Existing libvirt functionality
==============================
The virDomainSnapshotCreateXML currently manages a hierarchy of
"snapshots", although it is currently only used for "checkpoints", where
every snapshot has a name and a possibly empty parent. The idea is that
once a domain has a snapshot, there is always a current snapshot, and
all new snapshots are created with a parent of a previously existing
snapshot (although there are still some bugs to be fixed in managing the
current snapshot over a libvirtd restart). It is possible to have
disjoint hierarchies, if you delete a root snapshot that had more than
one child (making both children become independent roots). The snapshot
hierarchy is maintained by libvirt (in a typical installation, the files
in /var/lib/libvirt/qemu/snapshot/<dom>/<name> track each named
snapshot, using <domainsnapshot> XML); using additional metadata not
present in the qcow2 internal snapshot format (that is, while qcow2 can
maintain multiple snapshots, it does not maintain relations between
them). Remember, the "current" snapshot is not the current machine
state, but the snapshot that would become the parent if you create a new
snapshot; perhaps we could have named it the "loaded" snapshot, but the
API names are set in stone now.
Libvirt also has APIs for listing all snapshots, querying the current
snapshot, reverting back to the state of another snapshot, and deleting
a snapshot. Deletion comes with a choice of deleting just that named
version (removing one node in the hierarchy and re-parenting all
children) or that tree of the hierarchy (that named version and all
children).
Since qemu checkpoints can currently only be created via internal disk
snapshots, libvirt has not had to track any file name relationships - a
single "snapshot" corresponds to a qcow2 snapshot name within all qcow2
disks associated to a domain; furthermore, snapshot creation was limited
to domains where all modifiable disks were already in qcow2 format.
However, these "checkpoints" could be created on both running domains
(qemu savevm) or inactive domains (qemu-img snapshot -c), with the
latter technically being a case of just internal disk snapshots.
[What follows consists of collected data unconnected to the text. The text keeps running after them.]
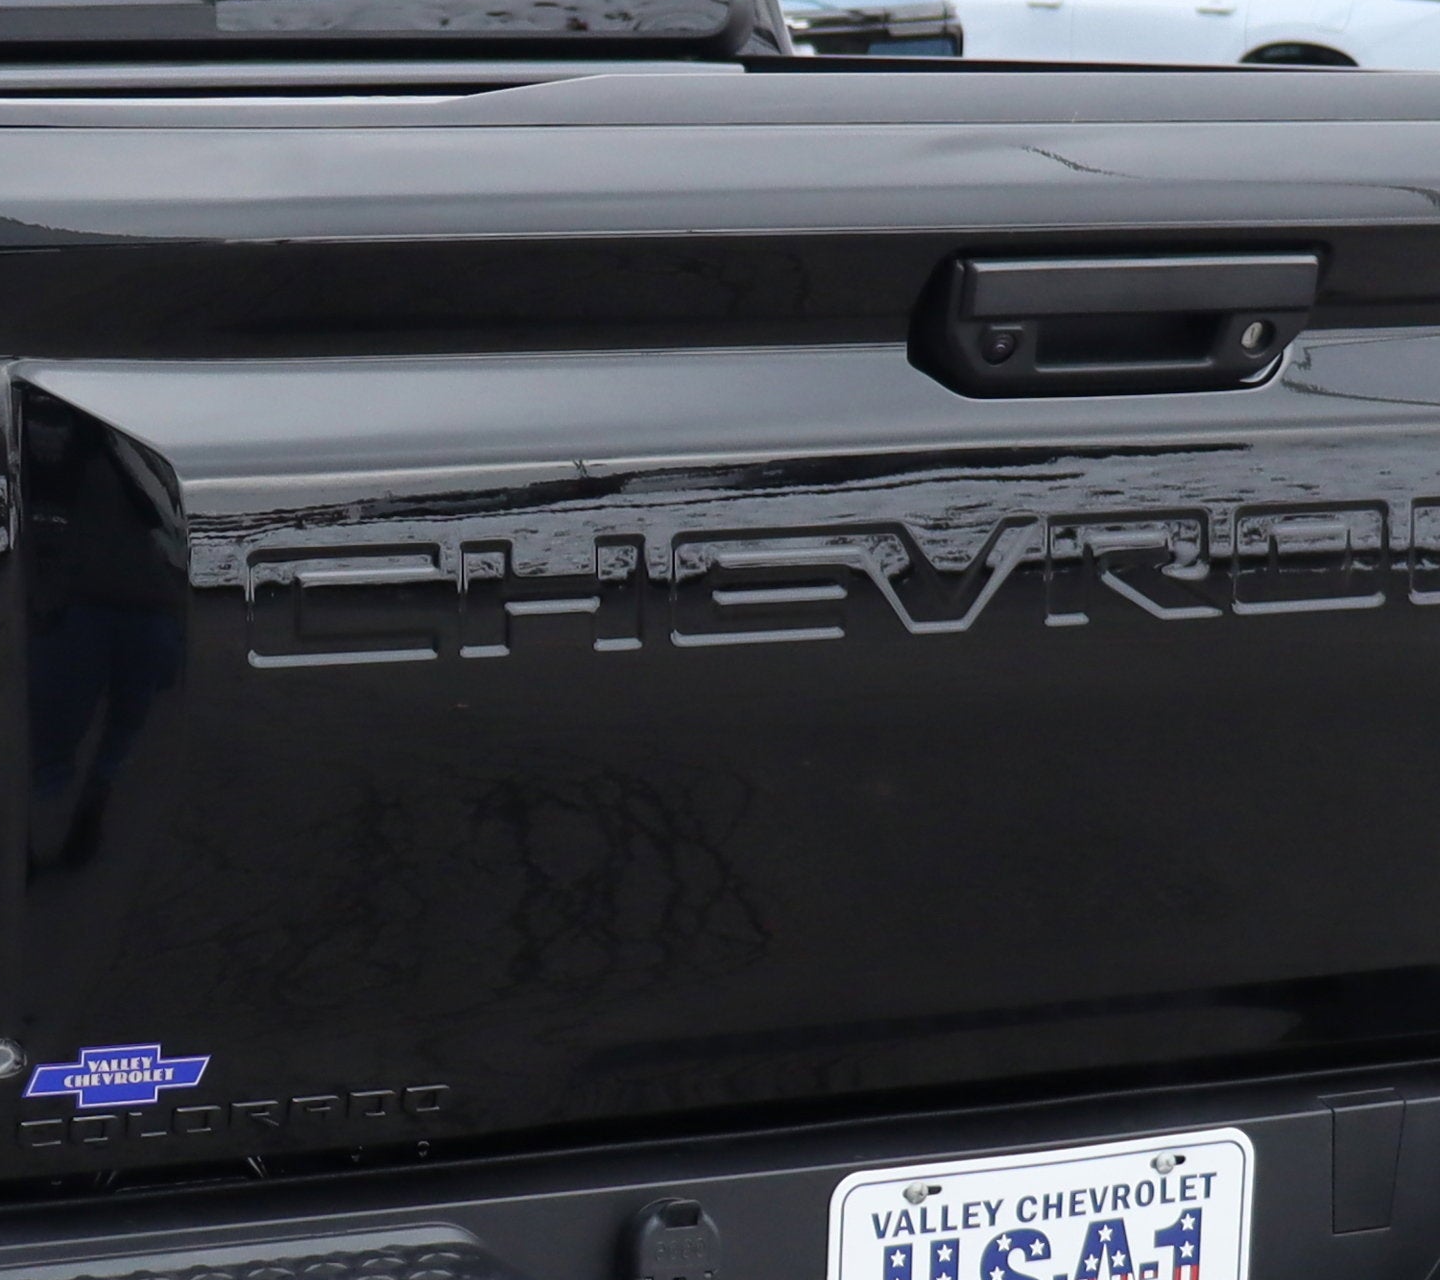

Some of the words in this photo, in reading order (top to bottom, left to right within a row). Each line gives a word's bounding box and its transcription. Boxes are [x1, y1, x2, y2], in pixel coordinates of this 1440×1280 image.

[63, 1067, 175, 1089] CHEVROLET
[87, 1055, 154, 1073] VALLEY
[16, 1083, 452, 1148] COLORADO
[871, 1198, 1004, 1239] VALLEY
[1015, 1171, 1218, 1223] CHEVROLET
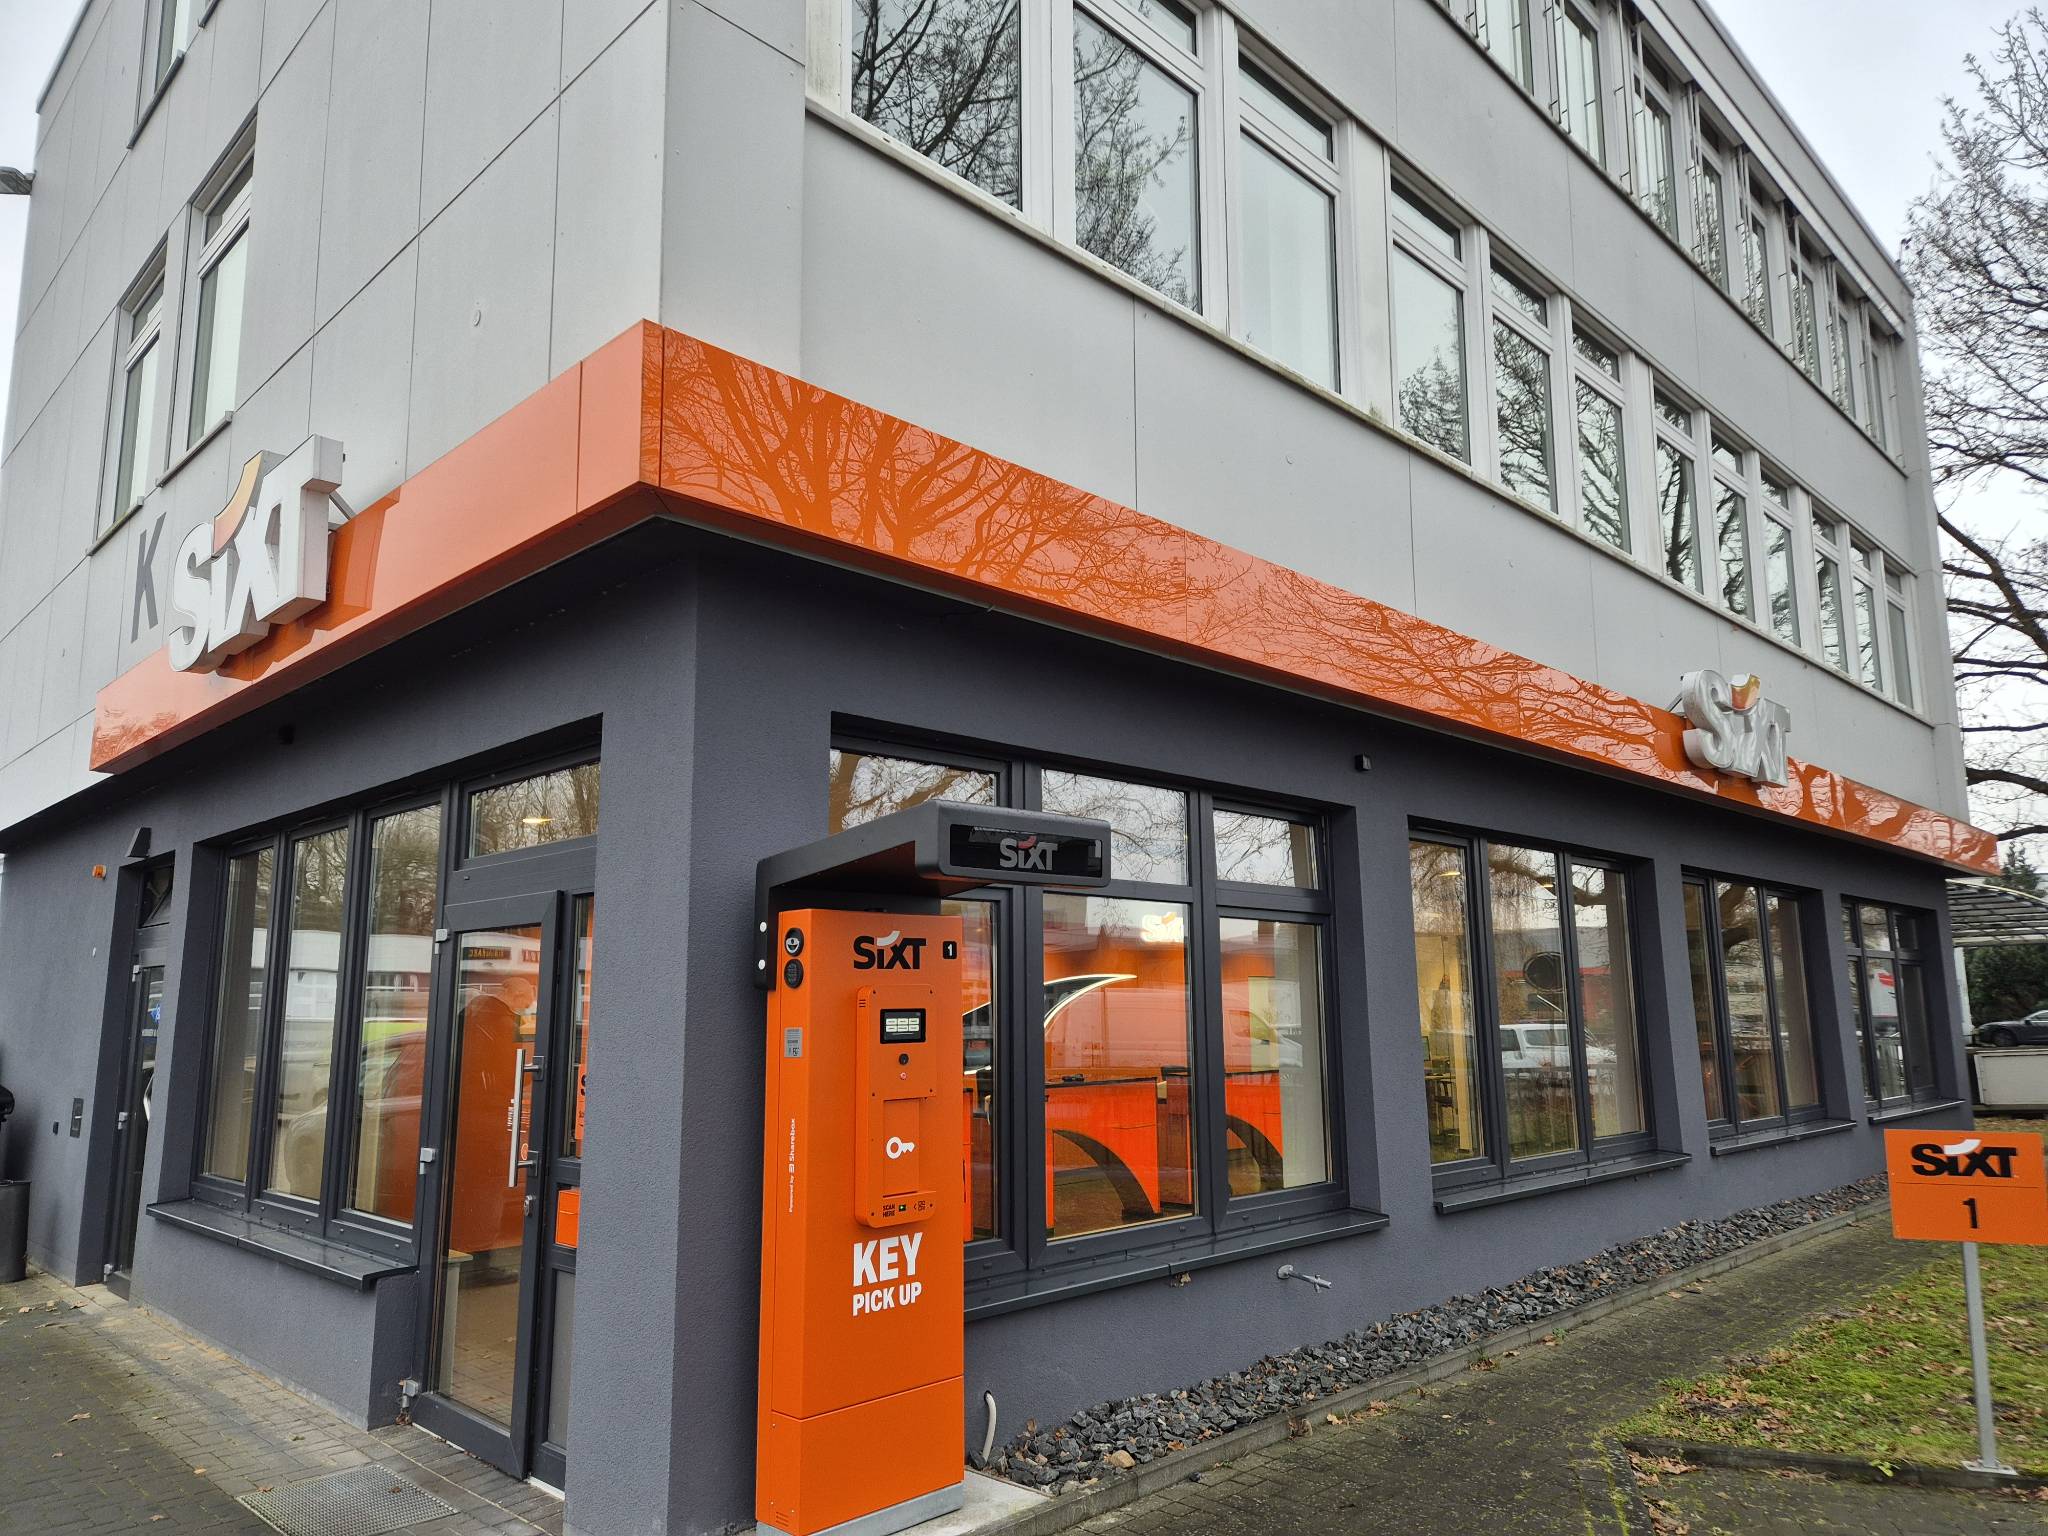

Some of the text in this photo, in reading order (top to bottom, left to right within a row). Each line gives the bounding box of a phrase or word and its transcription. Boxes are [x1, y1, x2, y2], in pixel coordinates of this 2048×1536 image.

[169, 433, 343, 674] SIXT
[1682, 669, 1791, 788] SIXT
[999, 835, 1058, 871] SIXT
[853, 930, 927, 970] SIXT
[788, 1118, 796, 1162] Sharebox
[1911, 1138, 2018, 1178] SIXT
[882, 1202, 896, 1211] SCAN
[882, 1210, 896, 1218] HERE
[1962, 1197, 1979, 1229] 1
[852, 1232, 923, 1287] KEY
[852, 1281, 922, 1316] PICK UP
Libvirt currently has a bug in that it only saves <domain>/<uuid> rather
than the full domain xml along with a checkpoint - if any devices are
hot-plugged (or in the case of offline snapshots, if the domain
configuration is changed) after a snapshot but before the revert, then
things will most likely blow up due to the differences in devices in use
by qemu vs. the devices expected by the snapshot.
Reverting to a snapshot can also be considered as a form of data loss -
you are discarding the disk changes and ram state that have happened
since the last snapshot. To some degree, this is by design - the very
nature of reverting to a snapshot implies throwing away changes;
however, it may be nice to add a safety valve so that by default,
reverting to a live checkpoint from an offline state works, but
reverting from a running domain should require some confirmation that it
is okay to throw away accumulated running state.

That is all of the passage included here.